Transcribe the records that follow exactly. Skip the pictures.

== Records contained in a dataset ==
"""

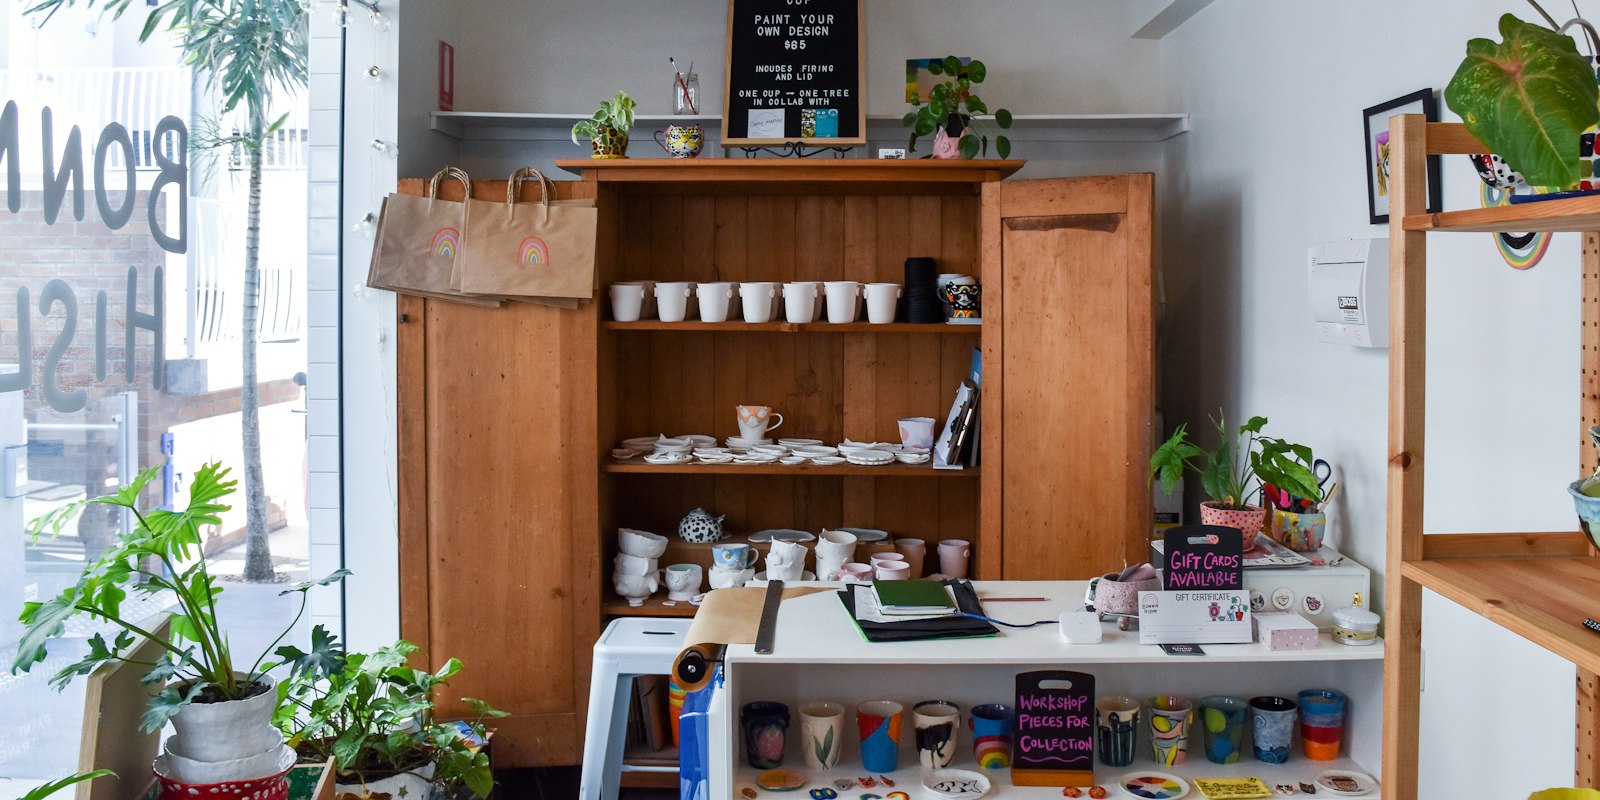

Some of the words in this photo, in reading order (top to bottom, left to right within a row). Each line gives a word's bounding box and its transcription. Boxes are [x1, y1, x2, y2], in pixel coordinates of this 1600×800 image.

[755, 14, 790, 24] PAINT
[800, 14, 834, 24] YOUR
[757, 26, 780, 36] OWN
[789, 26, 829, 36] DESIGN
[784, 40, 806, 50] $65
[802, 65, 834, 73] FIRING
[775, 73, 792, 81] AND
[796, 73, 813, 81] LID
[753, 98, 763, 106] IN
[768, 98, 803, 106] COLLAB
[809, 98, 830, 106] WITH
[1171, 551, 1202, 570] GIFT
[1203, 551, 1240, 570] CARDS
[1169, 571, 1238, 587] AVAILABLE
[1175, 593, 1189, 601] GIFT
[1191, 592, 1231, 601] CERTIFICATE
[1020, 694, 1087, 711] WORKSHOP
[1020, 714, 1063, 731] PIECES
[1066, 715, 1090, 729] FOR
[1020, 735, 1093, 753] COLLECTION

"""

== Result of this exercise ==
Some of the words in this photo, in reading order (top to bottom, left to right within a row). Each line gives a word's bounding box and its transcription. Boxes are [x1, y1, x2, y2], in pixel coordinates of this 1600×800 image.

[755, 14, 790, 24] PAINT
[800, 14, 834, 24] YOUR
[757, 26, 780, 36] OWN
[789, 26, 829, 36] DESIGN
[784, 40, 806, 50] $65
[802, 65, 834, 73] FIRING
[775, 73, 792, 81] AND
[796, 73, 813, 81] LID
[753, 98, 763, 106] IN
[768, 98, 803, 106] COLLAB
[809, 98, 830, 106] WITH
[1171, 551, 1202, 570] GIFT
[1203, 551, 1240, 570] CARDS
[1169, 571, 1238, 587] AVAILABLE
[1175, 593, 1189, 601] GIFT
[1191, 592, 1231, 601] CERTIFICATE
[1020, 694, 1087, 711] WORKSHOP
[1020, 714, 1063, 731] PIECES
[1066, 715, 1090, 729] FOR
[1020, 735, 1093, 753] COLLECTION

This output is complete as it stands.